TRITTONGO: sequenza di approssimante + dittongo discendente: [ˈmjɛj] [ˈswɔj] [kolˈlɔkwjo].
IATO: incontri di vocali appartenenti a sillabe diverse (eterosillabiche): follìa, paura, maestro, ciao,
tuo
L’ACCENTO
L’accento è la prominenza di una sillaba sulle altre per
• intensità: la forza articolatoria con la quale si produce una sillaba (maggior volume sonoro)
• altezza: l’acutezza della voce (toni più lati, come le note musicali)
• durata: la lunghezza della vocale
In italiano una sillaba può essere:
• atona (vocale breve);
• tonica non finale (vocale lunga);
• tonica non finale chiusa (vocale breve);
• tonica finale (vocale breve).
Per ritmo si intende la successione di sillabe atone e toniche e si può verificare il fenomeno
dell’isocronia sillabica quando c’è un’uguale durata di sillabe con lo stesso ruolo.
La pronuncia standard dell’italiano (fiorentino) può presentare diversi punti deboli perché a volte
non si rispetta la distinzione tra:
• [e] vs [ε], [o] vs [ɔ] (vocali “e” e “o” chiuse e aperte)
• [s] vs [z]
• [ʦ] e [ʣ]
Si è parlato, quindi, di pronuncia «tradizionale», «moderna» (es. lèttera, léttera) «accettabile»,
«tollerata» (sógno, sògno).
A Firenze, Roma, Napoli e altre aree centromeridionali non si rispetta la pronuncia di [ʧ]

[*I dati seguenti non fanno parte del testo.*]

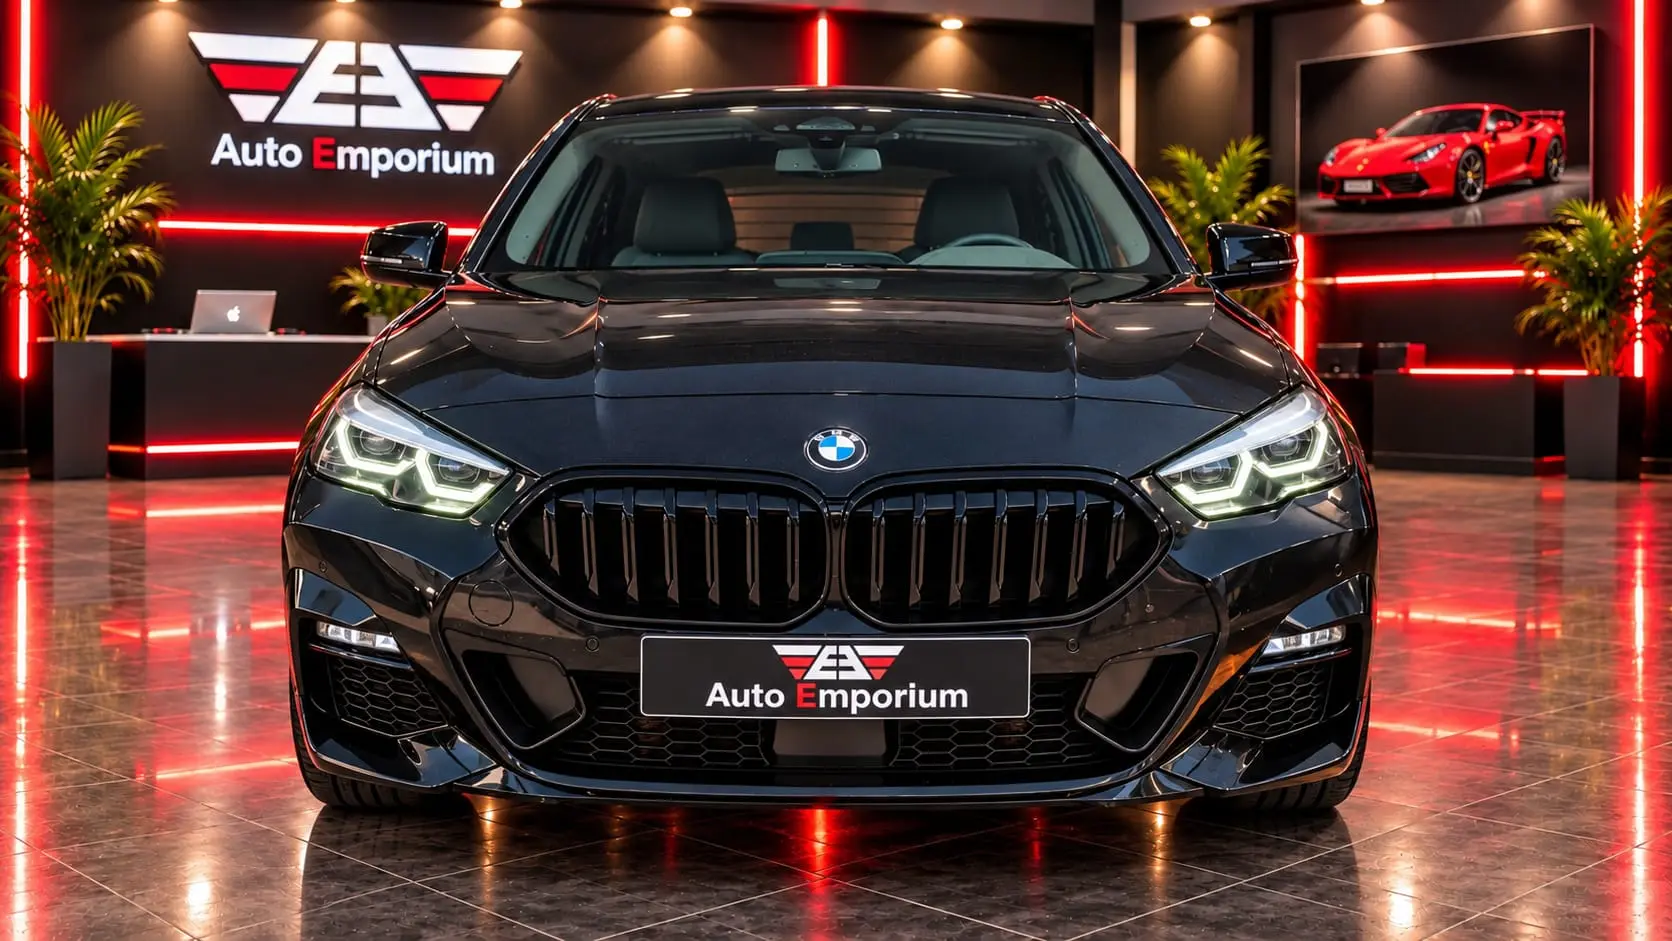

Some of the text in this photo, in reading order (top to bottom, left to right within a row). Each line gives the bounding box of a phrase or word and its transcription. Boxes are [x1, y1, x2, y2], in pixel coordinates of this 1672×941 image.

[211, 133, 495, 178] Auto Emporium
[705, 682, 968, 714] Auto Emporium
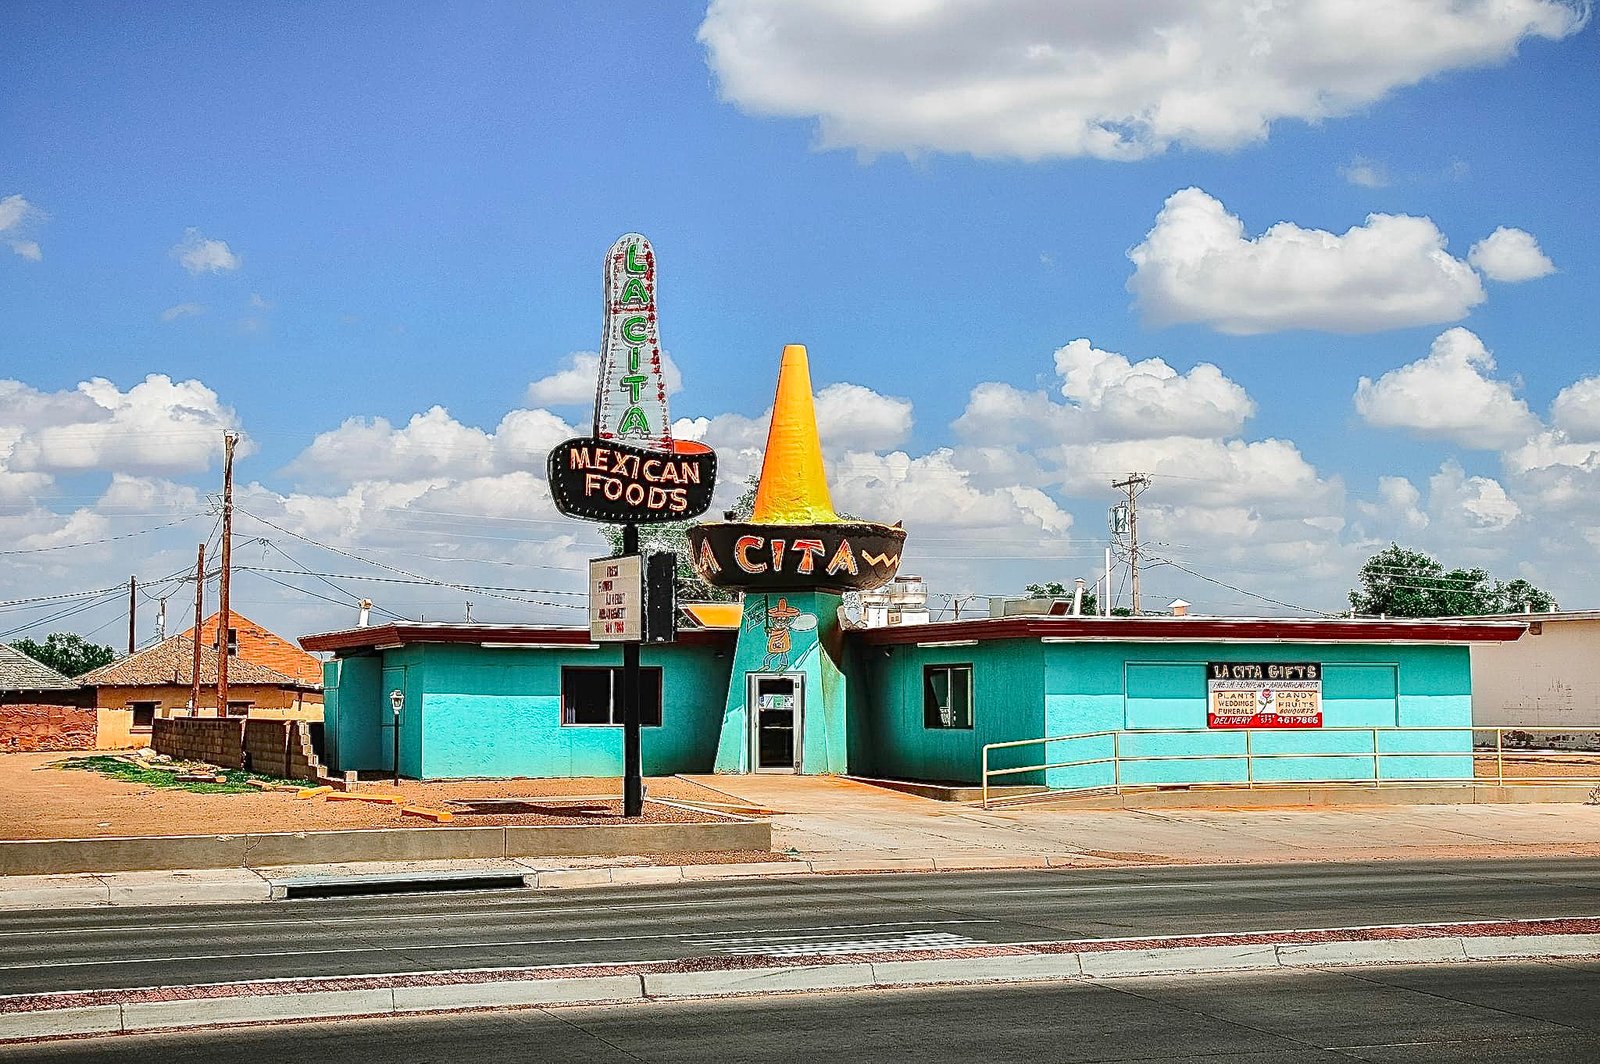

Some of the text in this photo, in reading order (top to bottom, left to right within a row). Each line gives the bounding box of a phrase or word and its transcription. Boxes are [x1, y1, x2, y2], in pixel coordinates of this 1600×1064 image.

intervocalica. Le due affricate in alcuni dialetti e varietà regionali hanno subito una deaffricazione:
ʤ > ʒ; ʧ > ʃ. Quando il fiorentino diventò la base dell’italiano aveva ormai già subito questo
processo, e il sistema fonologico standard non ha accolto questo tratto: la grafia nascondeva la
pronuncia (es. arancio = bacio). Abbiamo dunque in questi contesti dei fonemi artificiali,
influenzati dalla grafia.
LEZIONE 6 (20/10)
PRONUNCE REGIONALI
Spesso, nelle pronunce regionali, vi sono consonanti iniziali intrinsecamente lunghe:
Al Centro e al Sud → qua, là, più, chiesa [kˈkjɛsa]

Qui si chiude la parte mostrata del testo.